The setbacks continued the next time out vs. No. 12 Penn State, which sacked Detmer 6 times and limited him to 158 yards on just 8 completions.
If there was a silver lining, it was that after that skid—which gave the Cougars their longest losing streak since they lost four straight between the 1974 and ’75 seasons—few were paying attention anymore.
“I wasn’t under a microscope this year,” Detmer told the AP that November. “That really made it nice.”
Statistically, he rebounded, finishing with 4,031 yards and 35 touchdowns to 12 picks, punctuated by leading the Cougars to a 52–52 tie with San Diego State after trailing by 28. Detmer connected on 4 of his 6 touchdown passes in the final twenty minutes in throwing for a school-record 599 yards.
Detmer was heading back to New York as a finalist, but it wasn’t even close. As the quarterback said days before the ceremony, “I’m going to New York to watch Desmond.”
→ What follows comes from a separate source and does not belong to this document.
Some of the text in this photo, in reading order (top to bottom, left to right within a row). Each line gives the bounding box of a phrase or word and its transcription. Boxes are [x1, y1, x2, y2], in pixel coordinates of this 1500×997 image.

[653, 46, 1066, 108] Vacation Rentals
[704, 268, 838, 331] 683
That would be Michigan’s Desmond Howard, who gobbled up 640 first-place votes, while the reigning winner had just 19 in coming in third, 1,632 points behind the wide receiver, with Florida State’s Casey Weldon in second.
That amounted to the largest margin of victory in any contest since O. J. Simpson won by 1,750 points in ’68 and still stands as the biggest in any vote in which another Heisman winner was in the field.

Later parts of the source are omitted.